Iran erneut von Erdbeben erschüttert
- Weiter Unklarheit über Opferzahlen vom Wochenende
- 95.000 Obdachlose

Nur drei Tage nach dem schweren Erdbeben in Iran sind der Norden und Westen des Landes in der Nacht zu Dienstag erneut von Erdstößen erschüttert worden. Das Beben in der bereits stark zerstörten Provinz Kaswin erreichte die Stärke von 4,0 auf der Richterskala, wie die staatliche Nachrichtenagentur IRNA meldete.
Am Samstag waren bei dem verheerenden Erdbeben mit der Stärke von 6,0 auf der Richterskala amtlichen Angaben zufolge 229 Menschen ums Leben gekommen, 1.300 weitere wurden verletzt. Die UNO schätzte die Zahl der Toten dagegen auf mehrere Hunderte; 2.000 bis 4.000 seien verletzt worden.

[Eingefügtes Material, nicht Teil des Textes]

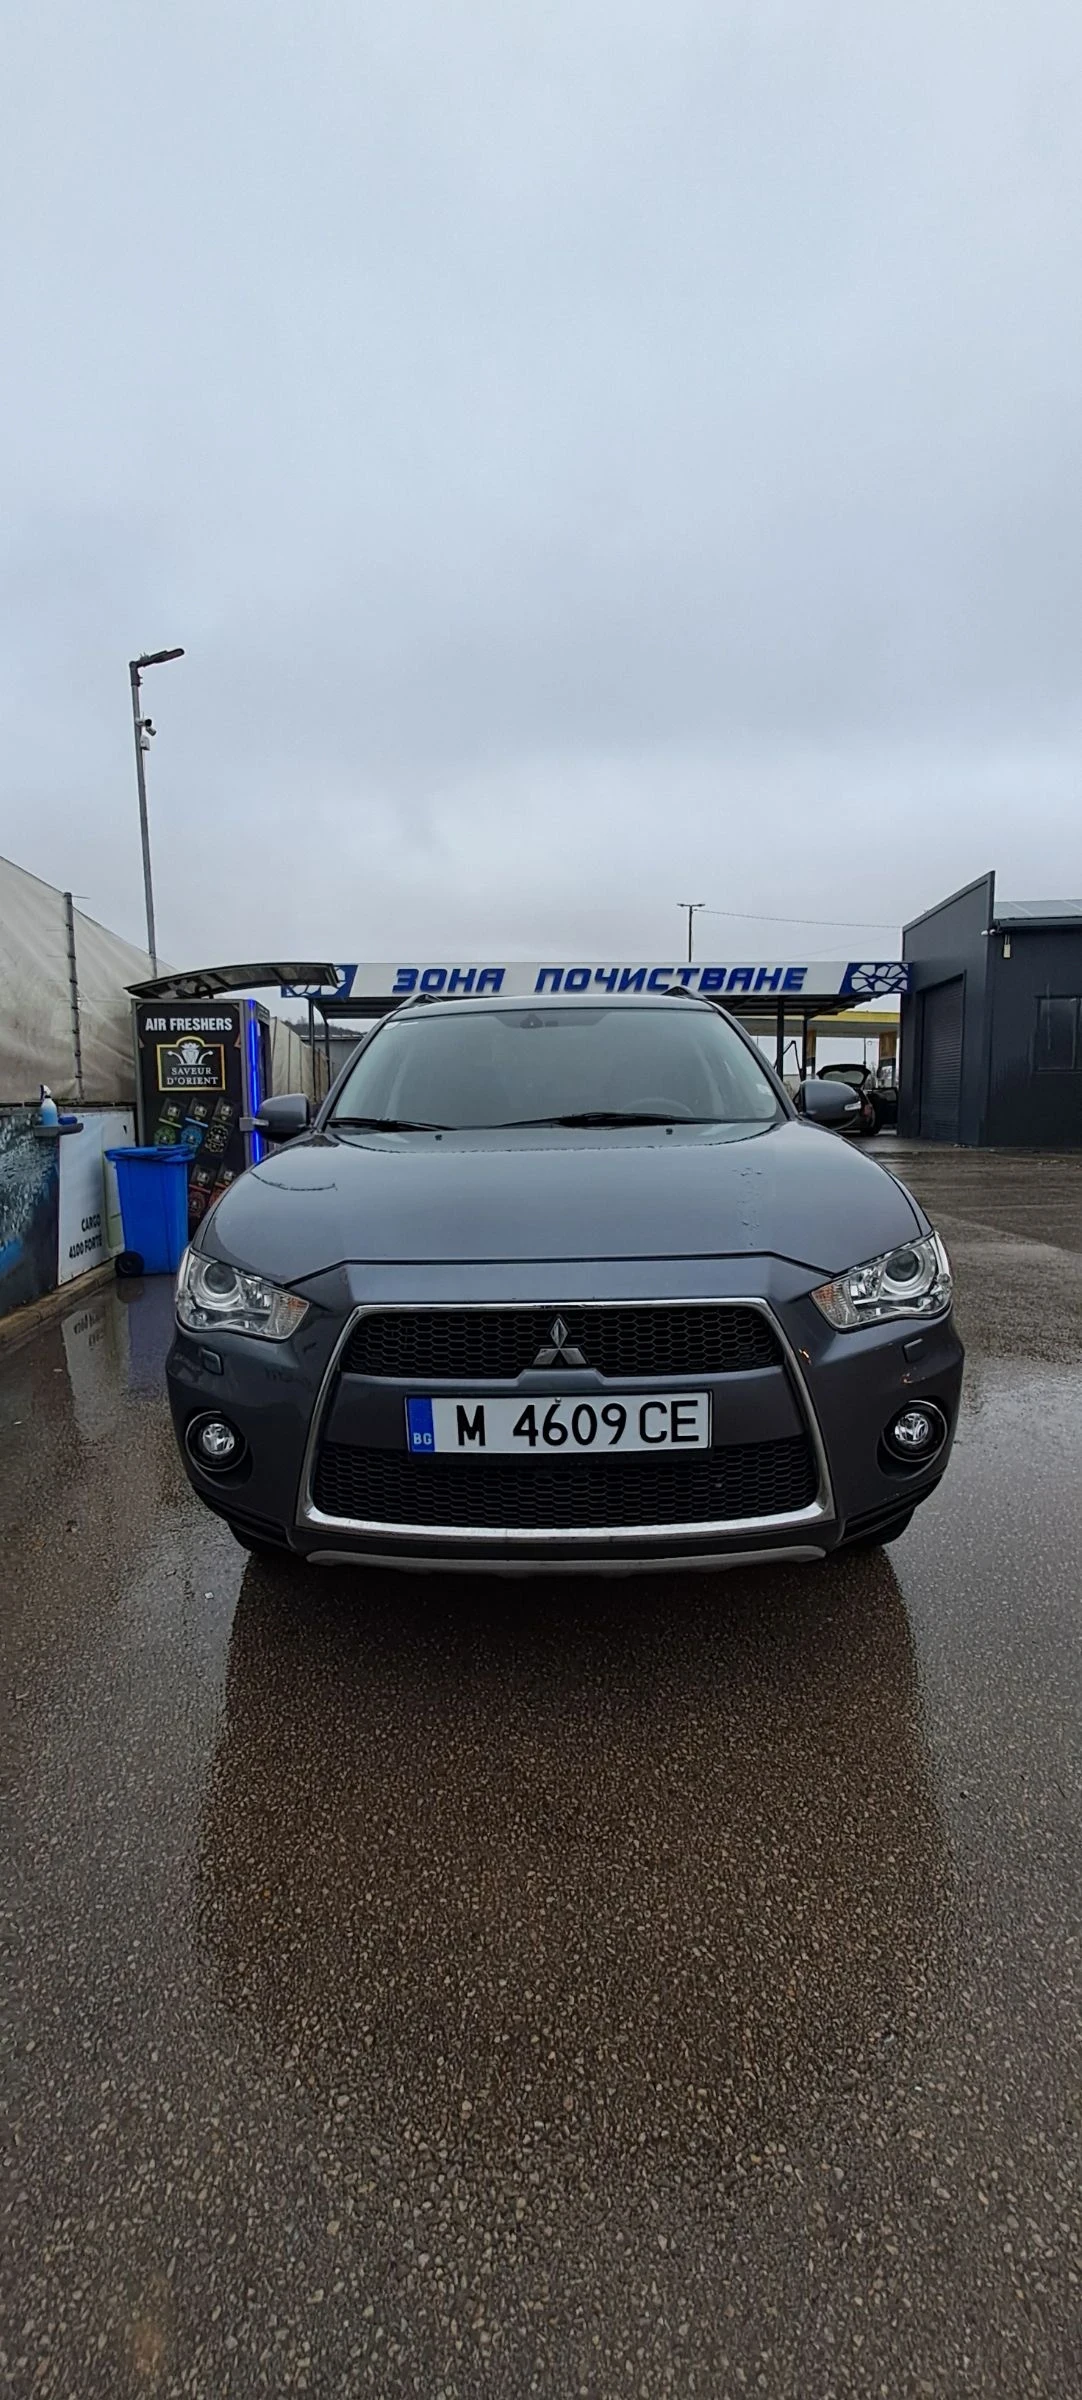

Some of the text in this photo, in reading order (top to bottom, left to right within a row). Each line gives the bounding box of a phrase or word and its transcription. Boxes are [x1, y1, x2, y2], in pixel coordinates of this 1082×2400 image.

[392, 967, 808, 993] ЗОНА ПОЧИСТВАНЕ
[145, 1017, 233, 1031] AIR FRESHERS
[171, 1067, 212, 1076] SAVEUR
[166, 1076, 218, 1086] D'ORIENT
[81, 1213, 102, 1233] CARGO
[69, 1241, 84, 1259] 4100
[413, 1400, 699, 1447] BG M 4609 CE
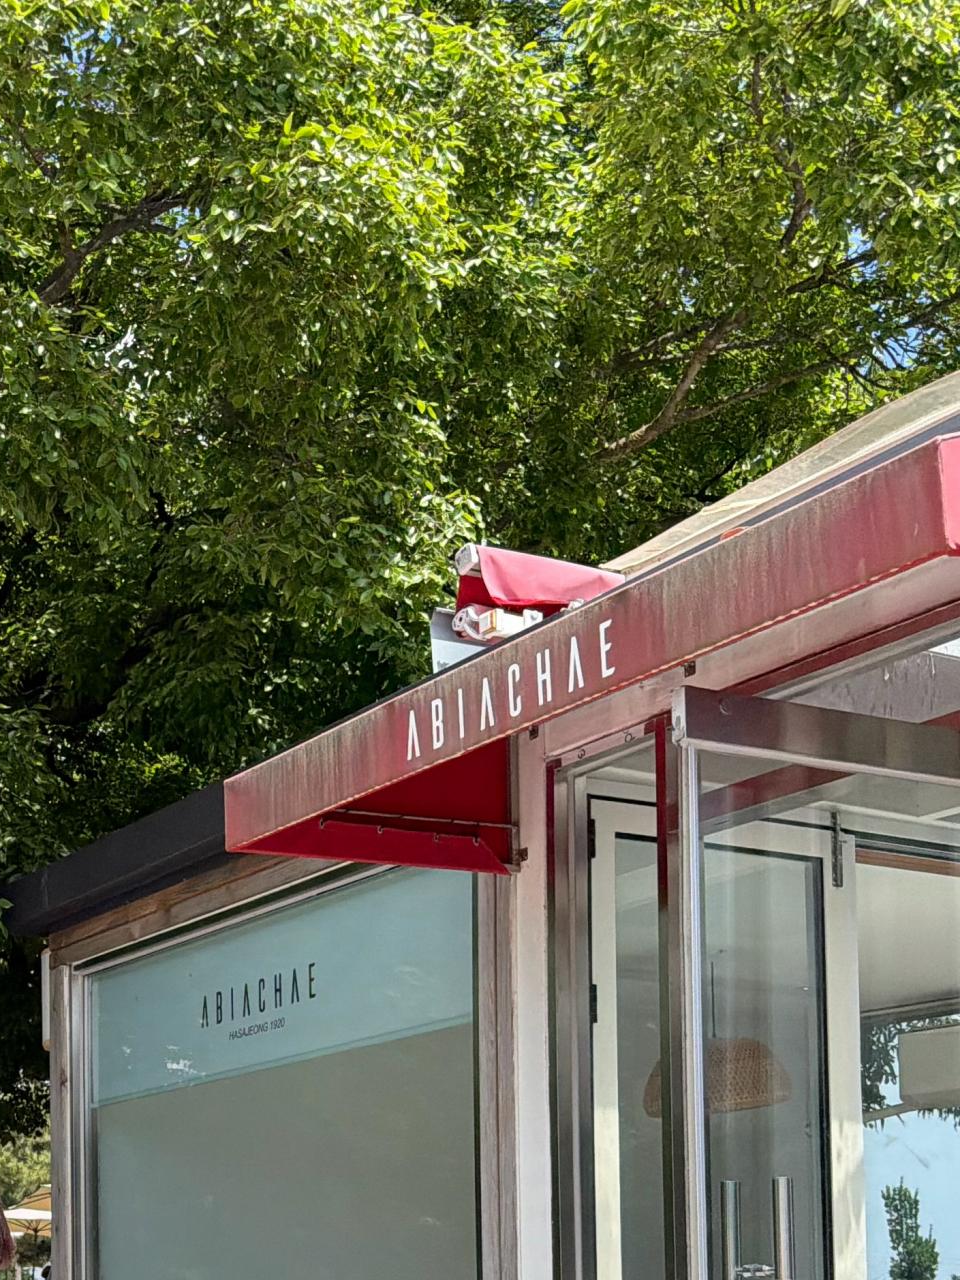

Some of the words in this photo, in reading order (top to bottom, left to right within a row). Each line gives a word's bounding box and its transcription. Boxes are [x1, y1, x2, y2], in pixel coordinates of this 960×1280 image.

[407, 618, 616, 761] ABIACHAE
[201, 962, 317, 1029] ABIACHAE
[228, 1022, 269, 1041] HASAJEONG

Seit dem Erdbeben sind in der Region nach offiziellen Angaben 95.000 Menschen obdachlos. Viele von ihnen verbrachten auch die Nacht zum Dienstag wieder im Freien. Nach Angaben des Krisenstabs im Teheraner Innenministerium wurden in den zwei am stärksten betroffenen Provinzen Kazwin und Hamedan rund 20.000 Häuser in 60 Dörfern total zerstört oder schwer beschädigt. Sechs Ortschaften sollen komplett in Schutt und Asche liegen.